What is needed:
Copy every entry below exactly, and keep out the pictures.

Images for object localization
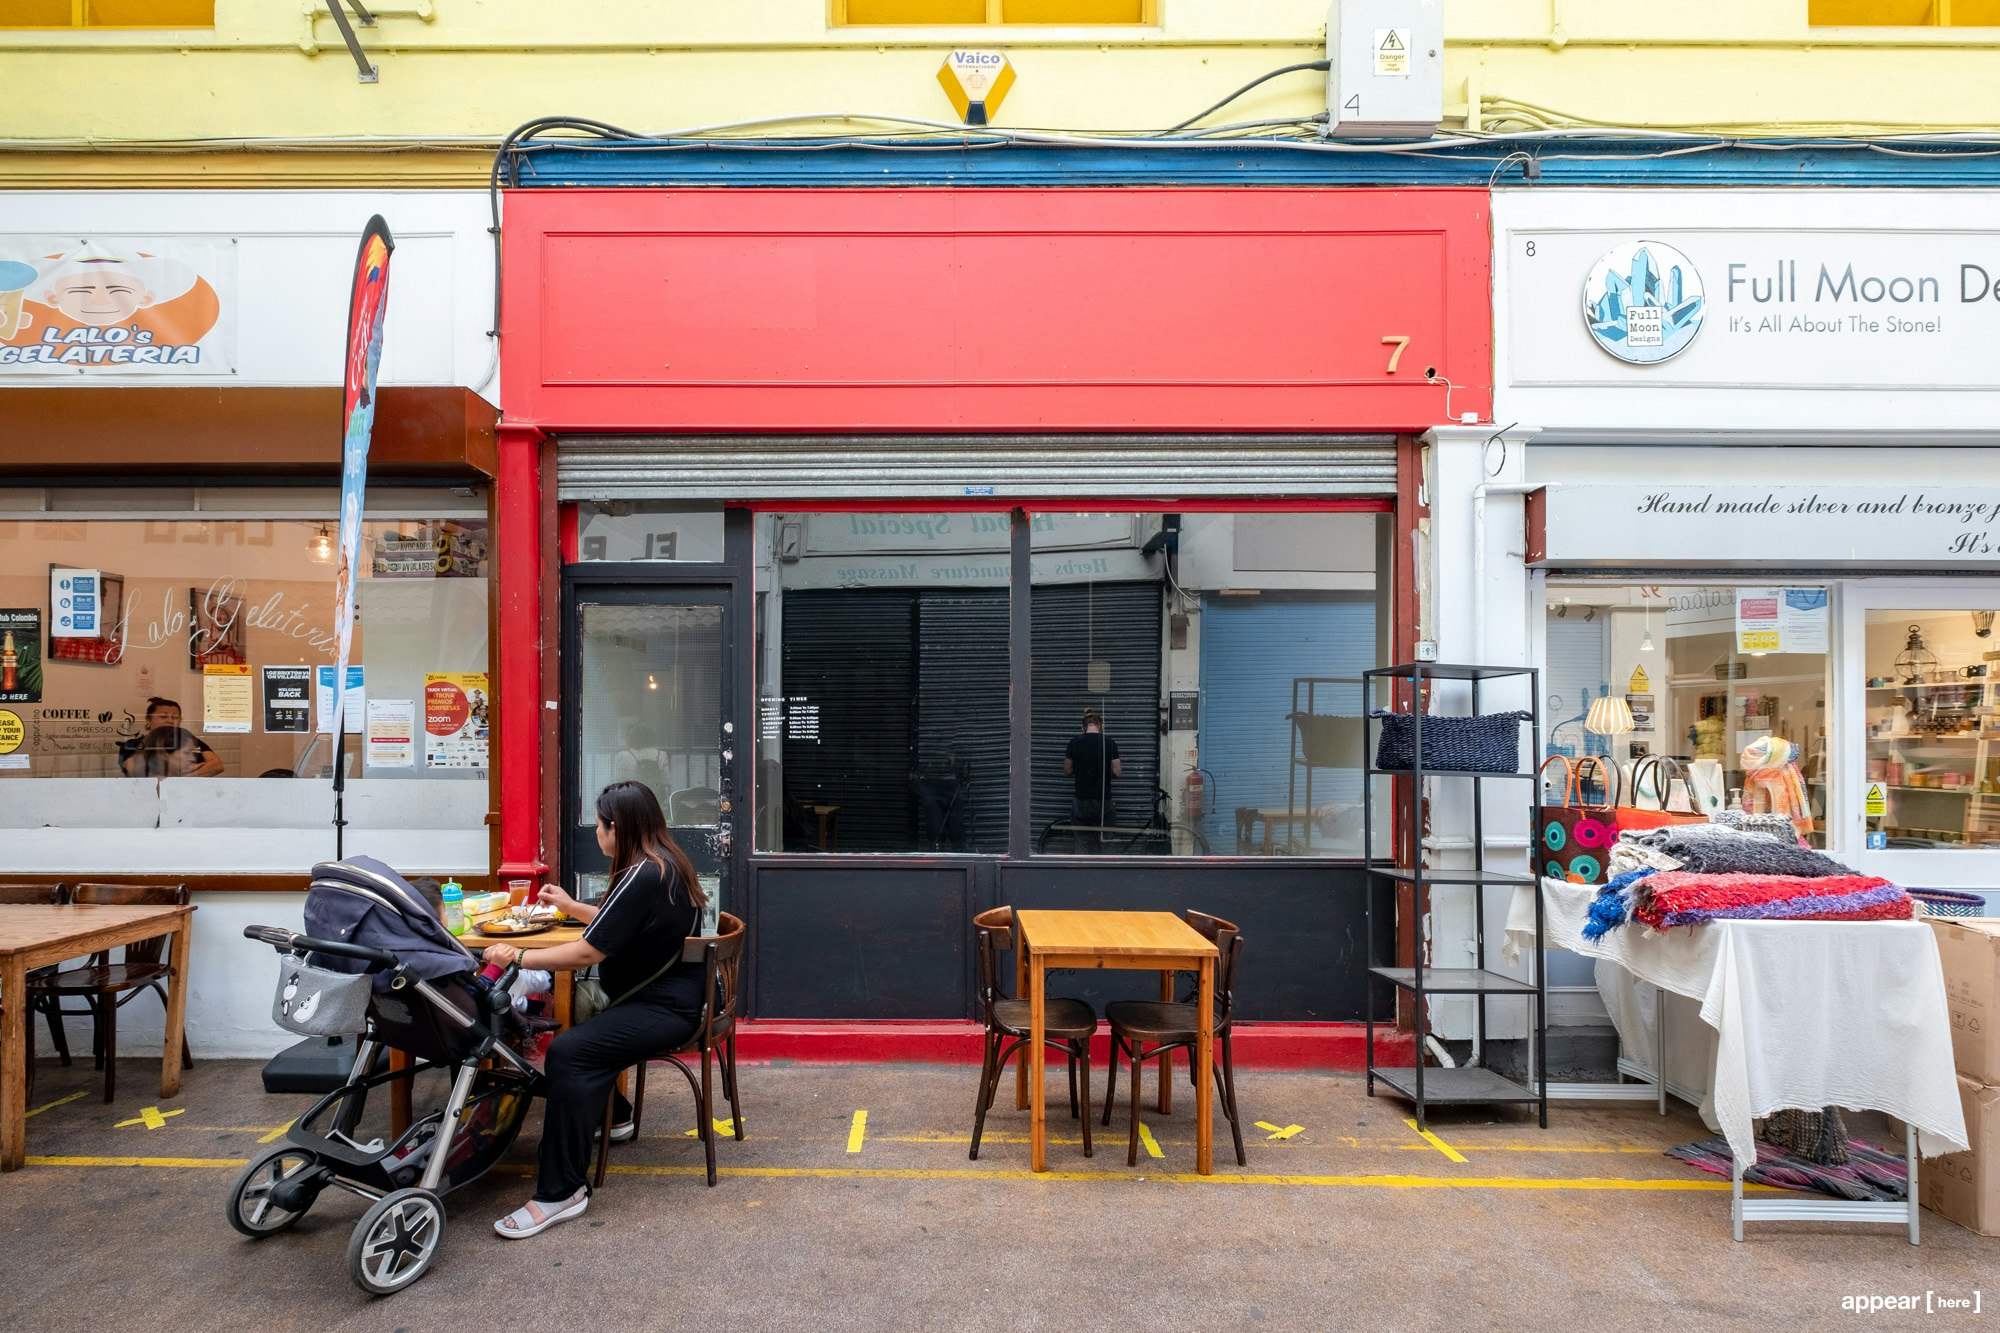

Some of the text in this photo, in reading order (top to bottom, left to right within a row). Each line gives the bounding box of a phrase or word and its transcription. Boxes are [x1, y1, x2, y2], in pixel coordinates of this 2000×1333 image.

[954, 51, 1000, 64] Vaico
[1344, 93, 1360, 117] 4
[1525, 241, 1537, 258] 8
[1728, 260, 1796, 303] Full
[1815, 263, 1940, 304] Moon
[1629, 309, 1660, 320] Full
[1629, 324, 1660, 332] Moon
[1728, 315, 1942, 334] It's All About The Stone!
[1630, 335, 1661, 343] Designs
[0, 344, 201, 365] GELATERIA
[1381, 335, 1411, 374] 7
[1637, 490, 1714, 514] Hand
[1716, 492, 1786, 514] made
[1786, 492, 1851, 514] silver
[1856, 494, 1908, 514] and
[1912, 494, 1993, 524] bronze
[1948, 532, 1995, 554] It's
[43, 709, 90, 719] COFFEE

Answer box:
Some of the text in this photo, in reading order (top to bottom, left to right within a row). Each line gives the bounding box of a phrase or word and its transcription. Boxes are [x1, y1, x2, y2], in pixel coordinates of this 2000×1333 image.

[954, 51, 1000, 64] Vaico
[1344, 93, 1360, 117] 4
[1525, 241, 1537, 258] 8
[1728, 260, 1796, 303] Full
[1815, 263, 1940, 304] Moon
[1629, 309, 1660, 320] Full
[1629, 324, 1660, 332] Moon
[1728, 315, 1942, 334] It's All About The Stone!
[1630, 335, 1661, 343] Designs
[0, 344, 201, 365] GELATERIA
[1381, 335, 1411, 374] 7
[1637, 490, 1714, 514] Hand
[1716, 492, 1786, 514] made
[1786, 492, 1851, 514] silver
[1856, 494, 1908, 514] and
[1912, 494, 1993, 524] bronze
[1948, 532, 1995, 554] It's
[43, 709, 90, 719] COFFEE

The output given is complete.